[Dataset entries]
....................

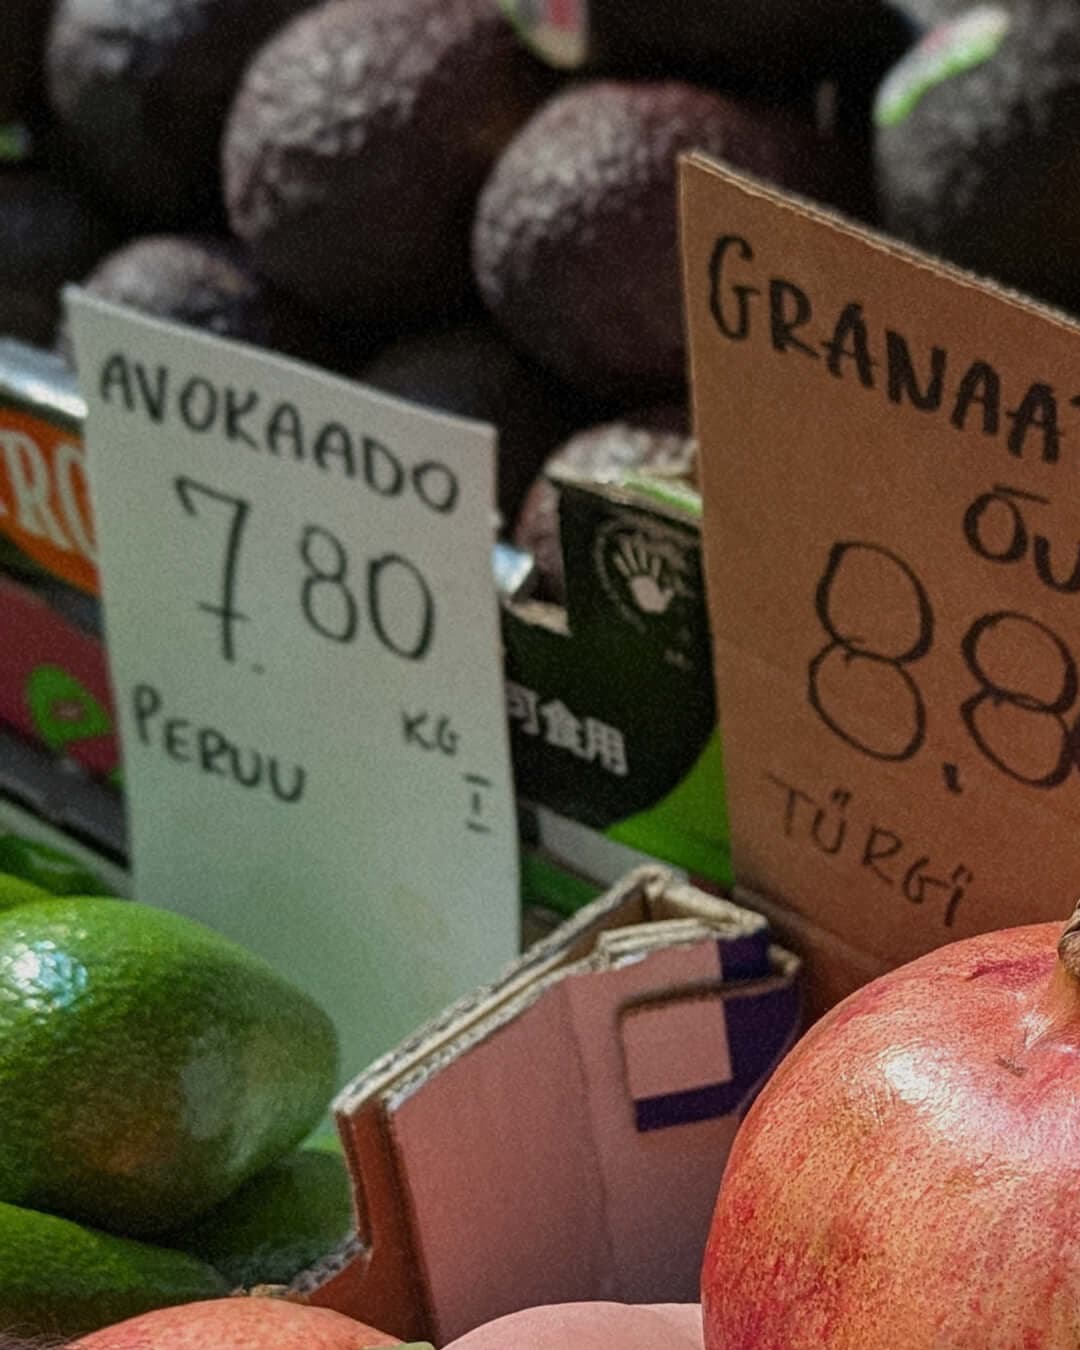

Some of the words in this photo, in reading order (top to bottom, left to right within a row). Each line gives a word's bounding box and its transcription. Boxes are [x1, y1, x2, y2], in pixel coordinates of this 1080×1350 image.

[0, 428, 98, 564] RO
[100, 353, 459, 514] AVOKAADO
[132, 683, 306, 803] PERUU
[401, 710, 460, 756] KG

....................

Your answer must be an exact transcription of every entry, minus the pictures.

### Output for this exercise
Some of the words in this photo, in reading order (top to bottom, left to right within a row). Each line gives a word's bounding box and its transcription. Boxes are [x1, y1, x2, y2], in pixel coordinates of this 1080×1350 image.

[0, 428, 98, 564] RO
[100, 353, 459, 514] AVOKAADO
[132, 683, 306, 803] PERUU
[401, 710, 460, 756] KG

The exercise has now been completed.